FRANKLIN E. KENNAMER, District Judge.

This suit was filed on the 8th day of July, 1935, for the recovery upon a policy of insurance purchased while the deceased was in military service. The action was voluntarily dismissed by the plaintiff on September 30, 1935, by the filing of a written motion therefor. On September 8, 1936, upon application and motion therefor, the original action was reinstated. The defendant consented to the entry of the order of reinstatement, but now challenges the legality of such order.
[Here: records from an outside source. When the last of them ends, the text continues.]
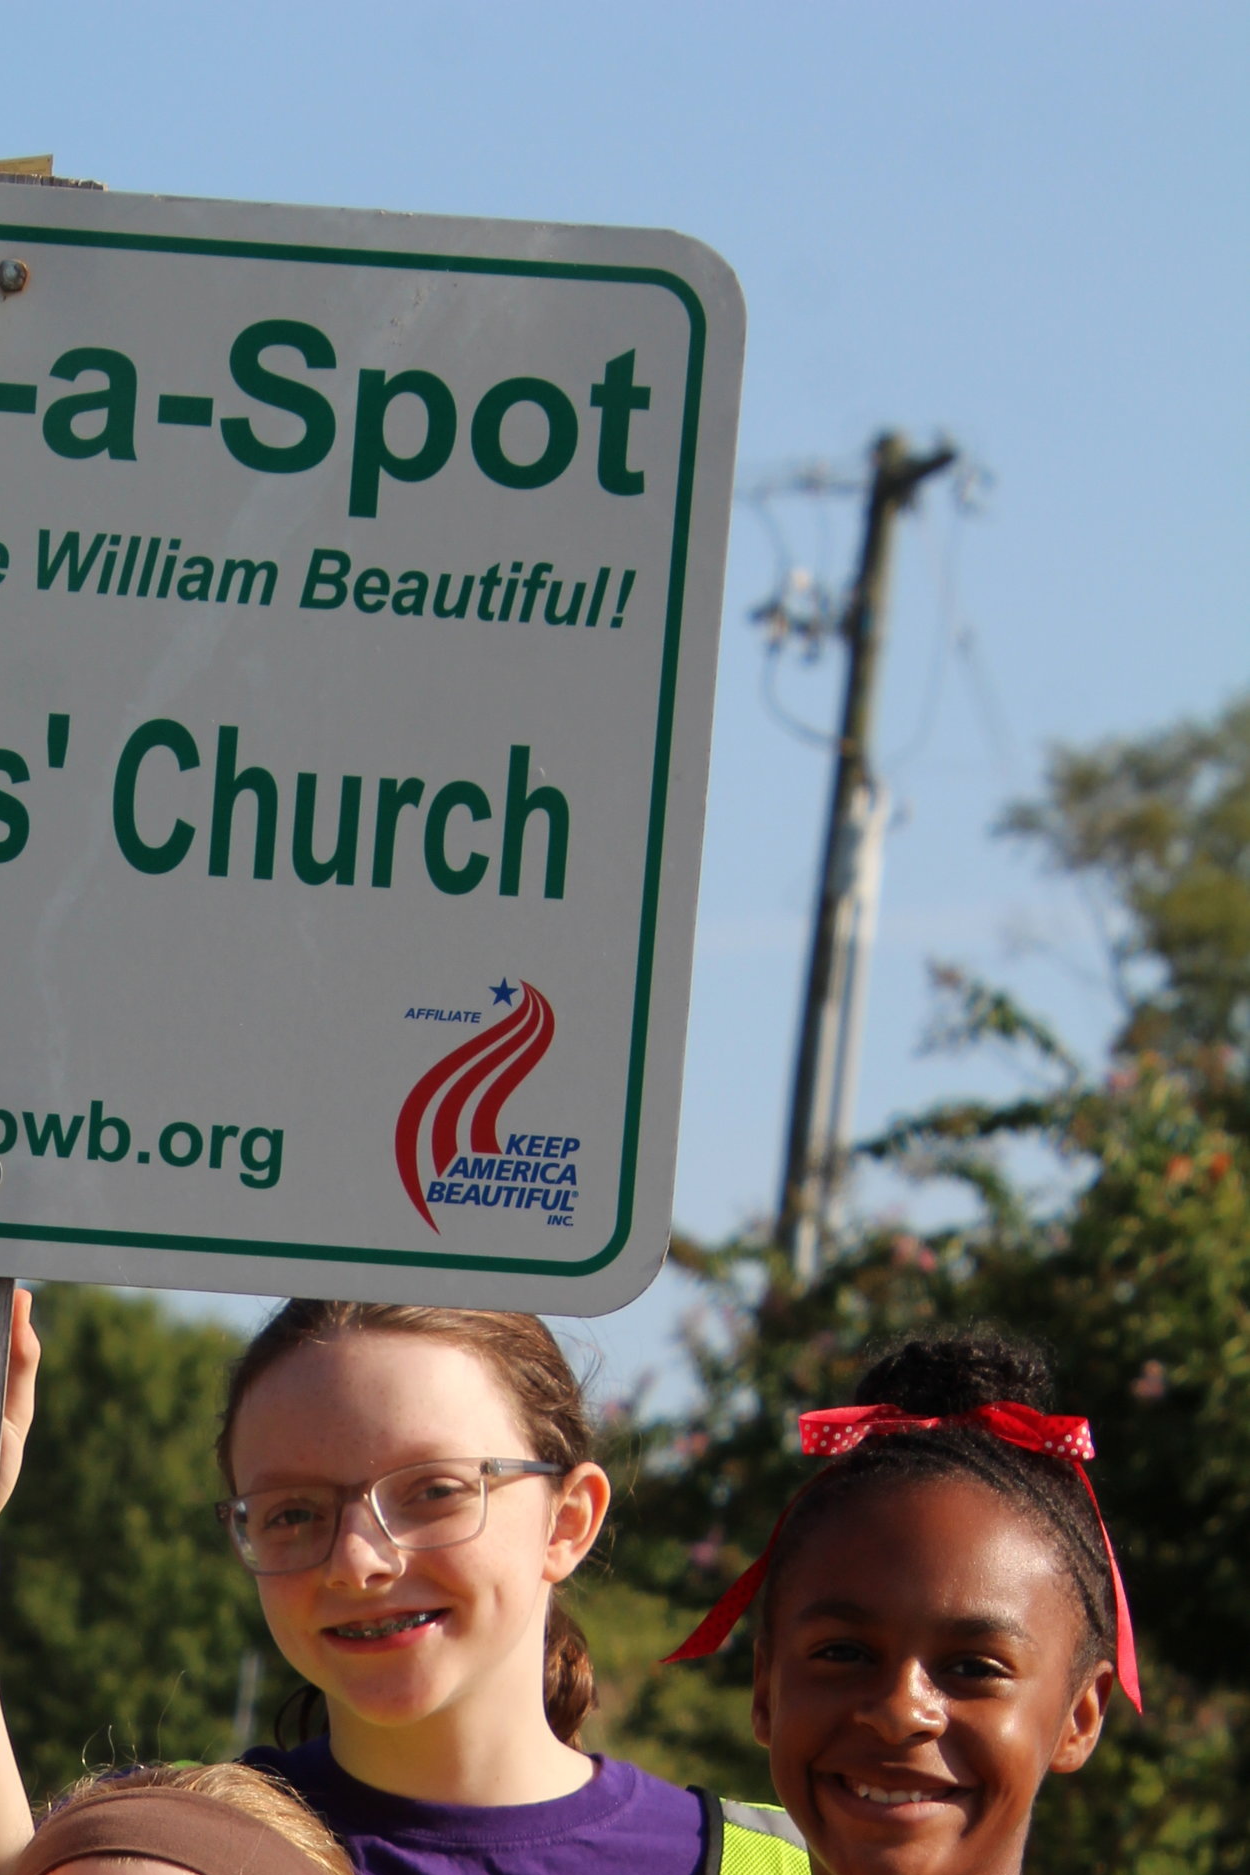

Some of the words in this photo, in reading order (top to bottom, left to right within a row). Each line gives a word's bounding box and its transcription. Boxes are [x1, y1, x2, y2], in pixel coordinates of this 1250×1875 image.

[36, 528, 279, 607] William
[298, 548, 637, 629] Beautiful!
[112, 718, 570, 900] Church
[404, 1007, 482, 1024] AFFILIATE
[505, 1133, 581, 1159] KEEP
[447, 1156, 577, 1186] AMERICA
[547, 1214, 574, 1228] INC.
An order was entered in the cause in which it was found that the action had been dismissed, without prejudice, solely on the ground that the statute of limitations had run against the cause of action, under the former rules and holdings in such matters, and, further, that under the recent act of Congress (hereafter considered) the time had been extended and authority granted for the reinstatement of such cases. An order nunc pro tunc was likewise entered, by which the order of dismissal was corrected to specifically show that the dismissal, without prejudice, was entered solely because of the statute of limitations having run in such cases.
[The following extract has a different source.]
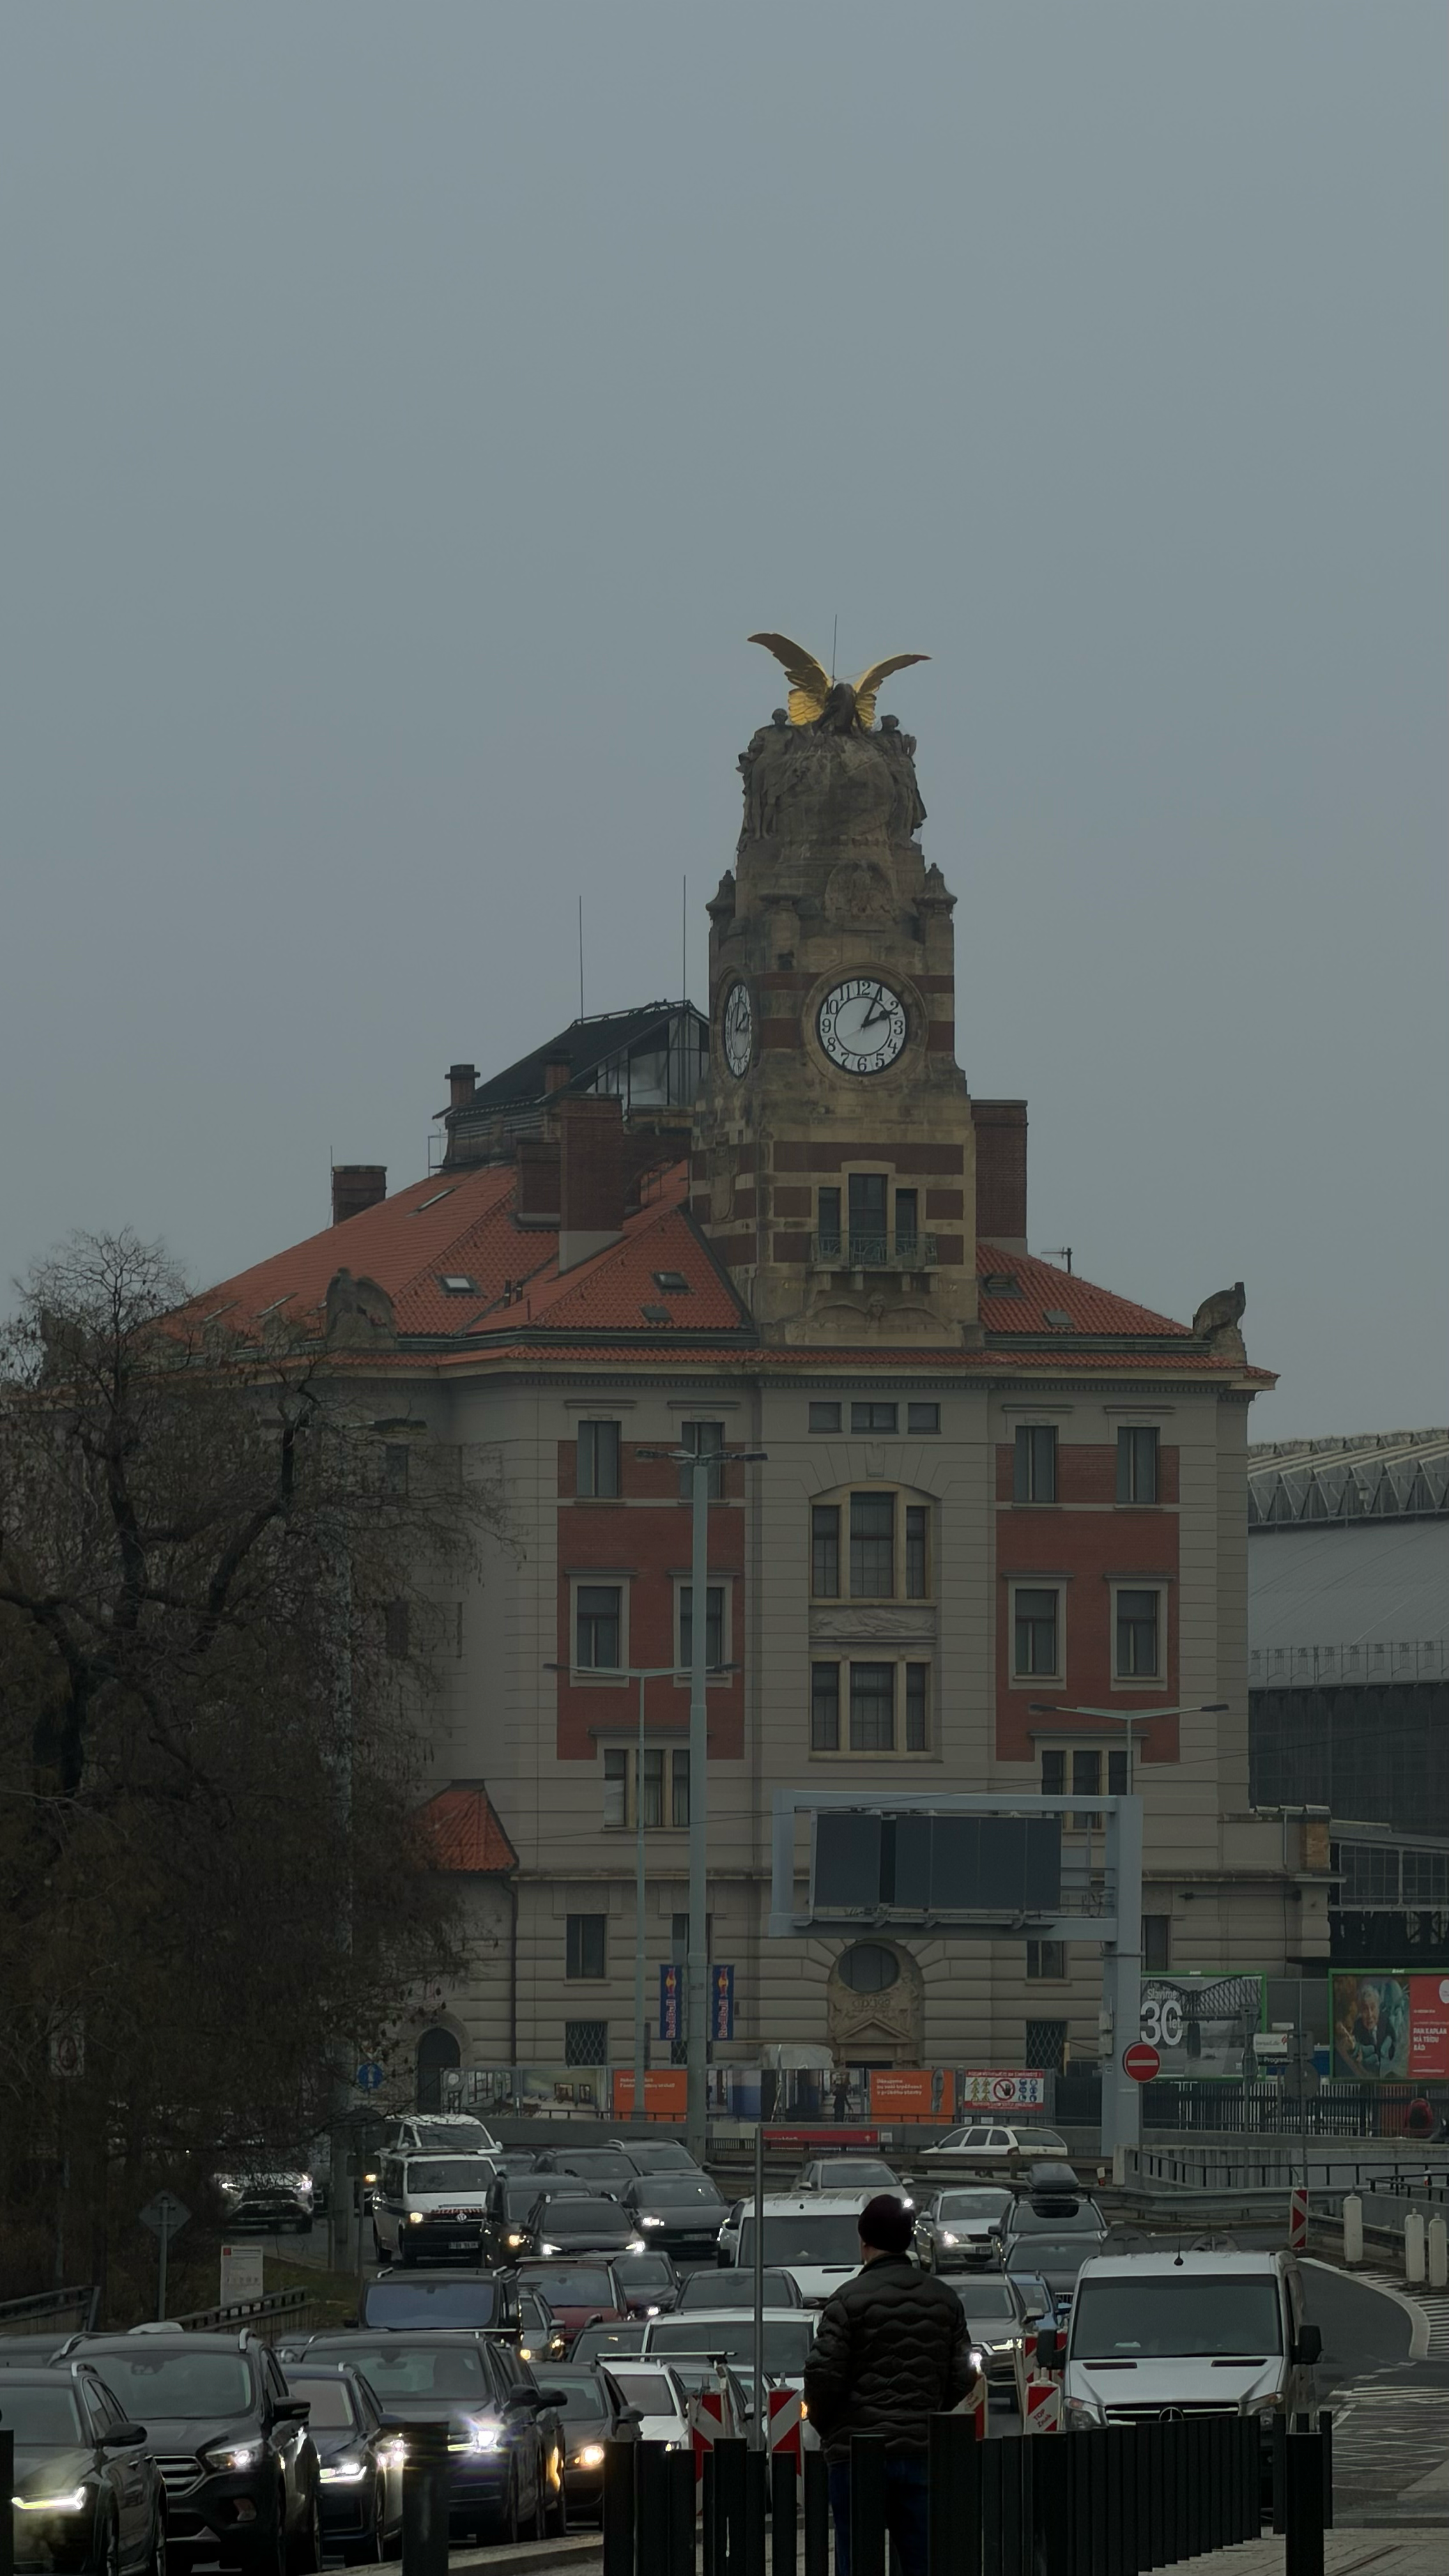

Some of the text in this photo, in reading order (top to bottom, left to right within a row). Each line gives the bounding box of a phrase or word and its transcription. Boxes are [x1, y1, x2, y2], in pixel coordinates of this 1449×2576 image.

Evidence was presented that the deceased returned to his home from military service in a sickened condition, being emaciated, and coughing . considerably; that he was unable to work because of his weakness, shortness of breath, and coughing spells. It was established that the deceased was a good worker before going to the army, but that upon his return • therefrom he was not physically able to work, and did not do so. The deceased was examined in February, 1919, by a doctor who diagnosed his condition at that time as active pulmonary tuberculosis. The deceased, at that time, was suffering from a hemorrhage. The evidence established that the deceased was permanently disabled prior to the time the insurance elapsed. The evidence of the inability of the deceased to work after he returned from the army, coupled with medical testimony, is sufficient to establish such facts. See United States v. Hannan (C.C.A.) 85 F.(2d) 341; United States v. Bodge (C.C.A.) 85 F.(2d) 433.
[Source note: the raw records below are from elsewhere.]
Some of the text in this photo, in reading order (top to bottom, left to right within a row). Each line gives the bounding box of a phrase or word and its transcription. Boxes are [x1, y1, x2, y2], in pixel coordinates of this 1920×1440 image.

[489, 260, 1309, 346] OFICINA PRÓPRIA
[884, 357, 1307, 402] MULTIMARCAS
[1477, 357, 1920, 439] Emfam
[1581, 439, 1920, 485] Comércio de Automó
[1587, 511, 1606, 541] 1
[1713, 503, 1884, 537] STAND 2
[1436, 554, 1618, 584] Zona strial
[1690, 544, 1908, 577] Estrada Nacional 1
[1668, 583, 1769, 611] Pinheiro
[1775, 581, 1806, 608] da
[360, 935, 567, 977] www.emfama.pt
The questions most seriously urged by the government, were: First, the impropriety of entering the nunc pro tunc order, correcting the order of dismissal; and, secondly, the reinstatement of the case subsequent to the voluntary dismissal without prejudice.

The basis for the reinstatement of the case is the Act of Congress of June 29, 1936, which provides the following: Section 404 of Title IV (38 U.S.C.A. § 445d). “In addition to the suspension of the limitation for the period ela.psing between the filing in the Veterans’ Administration of the claim under a contract of insurance and the denial thereof by the Administrator of Veteralns’ Affairs or someone acting in his' name, the claimant shall have ninety days from the date of the mailing of notice of such denial within which to file suit. This Act [section] is made effective as of July 3, 1930, and shall apply to all suits now pending [on June 29, 1936], against the United States under the provisions of section 19, World War Veterans’ Act, 1924, as amended [section 445 of this title] ; and any suit which has been dismissed solely on the ground that the period for filing suit has elapsed but where in the extension of the period for filing suit as prescribed herein would have permitted. such suit to have been heard and determined may be reinstated within ninety days from the date of the enactment of this Act [June 29, 1936]: Provided, That on and after the date of enactment of this Act [June 29, 1936], notice of denial of the claim under a contract of insurance by the Administrator of Veterans’ Affairs or someone acting in his name shall be by registered mail directed to the claimant’s last address of record: Provided further, That the term ‘denial of the claim’ means the denial of the claim after consideration of its merits.”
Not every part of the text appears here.